For many, a dip in a lake sounds like a great way to spend a bright late-summer day, and that’s exactly what Pat McDermot decided to do Monday.

But the full-time restaurant owner and part-time fundraiser decided to turn his swim up a notch: to spend a day off swimming a stretch of New Hampshire’s largest body of water, all in the name of cancer research.

The 51-year-old Salem long-distance swimmer, who runs Kendall Pond Pizza restaurants in Hudson, Windham and Dover, set out to swim from Center Harbor to Alton Bay on Monday to raise money for the McKenzie Lowe Foundation, and did just that, covering 22 miles in 13 hours, 30 minutes. The marathon swim event was meant to raise money for research for DIPG, which Lowe battled for close to two years.

Lowe, formerly of Hudson, succumbed in 2014 at age 13 to a type of brain tumor called diffuse intrinsic pontine glioma. McDermot became attached to local grass-roots fundraising efforts after the girl’s death.

Though he didn’t know the family personally, “It was one of those things that kind of hit home,” McDermot said.

McKenzie’s grandfather Frank LaFontain said Monday, “He was supplying us with pizza for some of our events. He had gotten into open-water racing. He said he’d like to raise money through doing that.”

“It tugged at your heartstrings,” McDermot said.

As time went on, he decided to try to do more than provide pizzas.

LaFountain, who lives in Florida, said there has been an ongoing fundraising effort since his granddaughter’s death to help raise funds for research and a cure.

He said after her death, family and friends started the McKenzie Lowe Foundation. Some of the money raised goes local community causes and some to national research efforts.

LaFountain said the work is “definitively getting more and more involved, and events are getting more sophisticated as we do them.”

He estimated that by the end of the year, fundraising in McKenzie’s name will reach about $25,000.

“Every little bit helps,” he said.

Before heading out, McDermot thought to himself, “If I raise 500 bucks, I raise 500 bucks. At least a few more people will know. It’s publicity. It’s better than nothing.”

Since finishing Monday evening, he has raised $3,000. He’ll keep collecting money until the end of September, which is Childhood Cancer Awareness Month.

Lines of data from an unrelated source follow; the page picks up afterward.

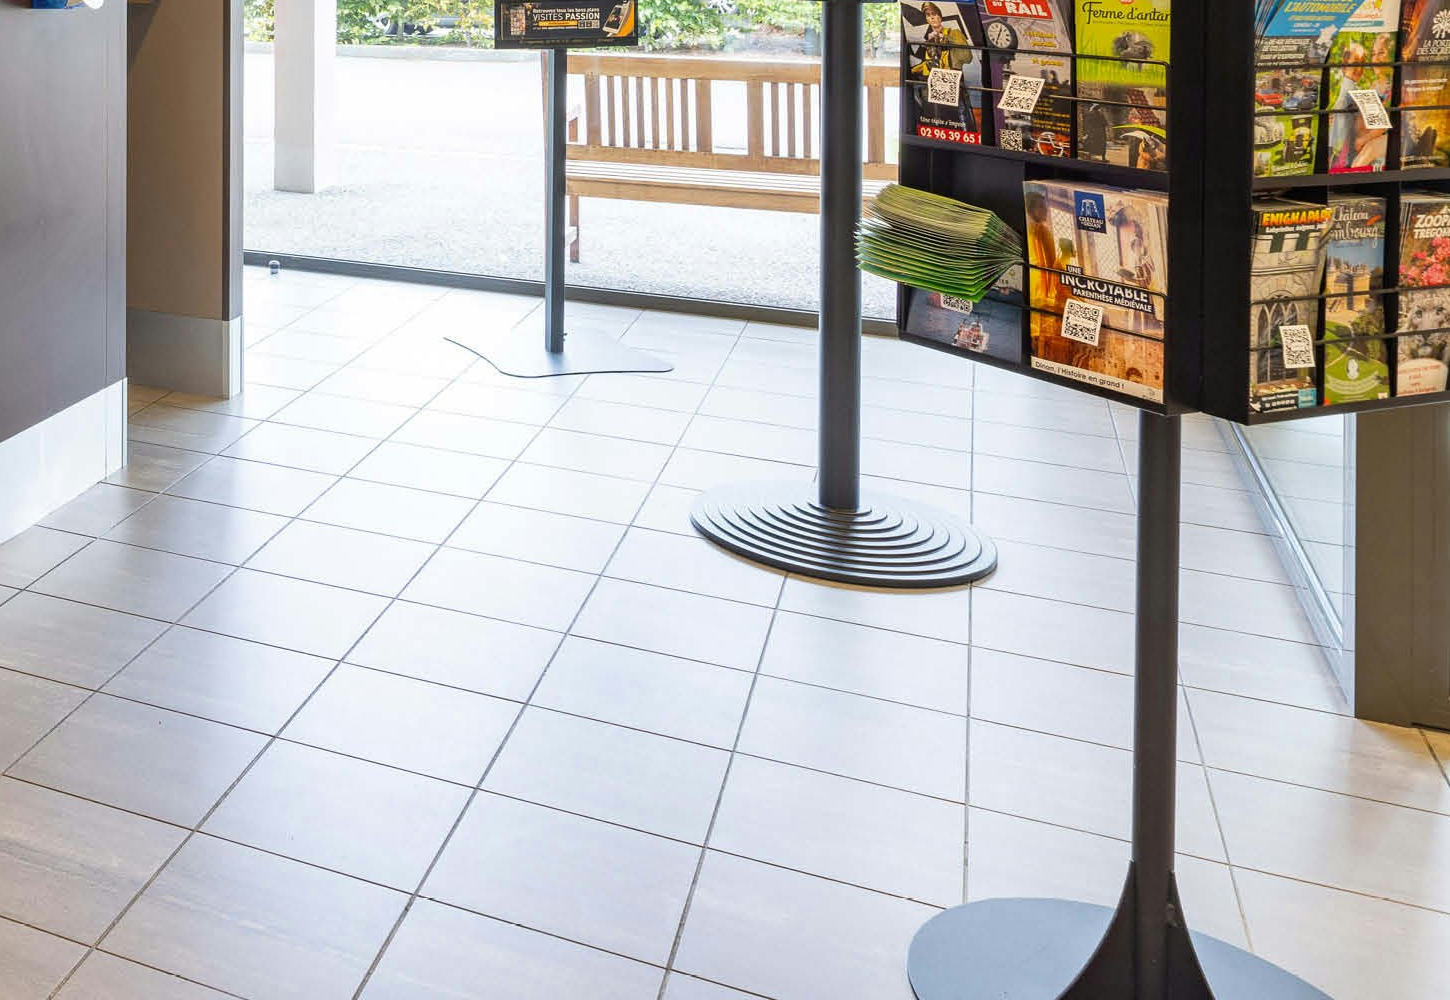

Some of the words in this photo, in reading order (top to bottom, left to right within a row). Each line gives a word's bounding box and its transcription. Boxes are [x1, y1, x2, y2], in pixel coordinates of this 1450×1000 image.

[1005, 1, 1048, 17] RAIL
[1082, 1, 1125, 25] Ferme
[1283, 1, 1358, 13] L'AUTOMOBILE
[532, 13, 563, 21] VISITES
[565, 12, 600, 21] PASSION
[920, 127, 932, 137] 02
[934, 129, 946, 139] 96
[948, 131, 961, 141] 39
[963, 133, 975, 143] 65
[1078, 216, 1104, 225] CHÂTEAU
[1067, 265, 1082, 275] UNE
[1061, 273, 1148, 302] INCROYABLE
[1073, 287, 1113, 303] PARENTHÈSE
[1114, 297, 1152, 312] MÉDIÉVALE
[1099, 378, 1120, 389] grand

“I didn’t know if anybody believed me until we started doing it,” McDermot said. “I was trying to achieve a goal, and it helps to be driven by something … a great cause like the foundation.”

Recalling the long open-water swim, McDermot said, “There were 8 miles or so of good chop,” He said after about 9 miles, the soreness set in on his shoulders.

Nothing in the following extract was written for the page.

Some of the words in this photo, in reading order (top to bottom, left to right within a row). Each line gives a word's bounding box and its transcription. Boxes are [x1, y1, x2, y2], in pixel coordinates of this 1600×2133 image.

“Then it was a real mental game,” he said.

McDermot credits his wife, Linda, who paddled alongside in a kayak to hand over food and water, and his brother Jay and friend Karen Cole, who were nearby in a motorized boat.

“It helps to think about kids like McKenzie when you get tired,” McDermot said. “The kids never got the chances we got. I never felt sorry for myself. I just kept going.”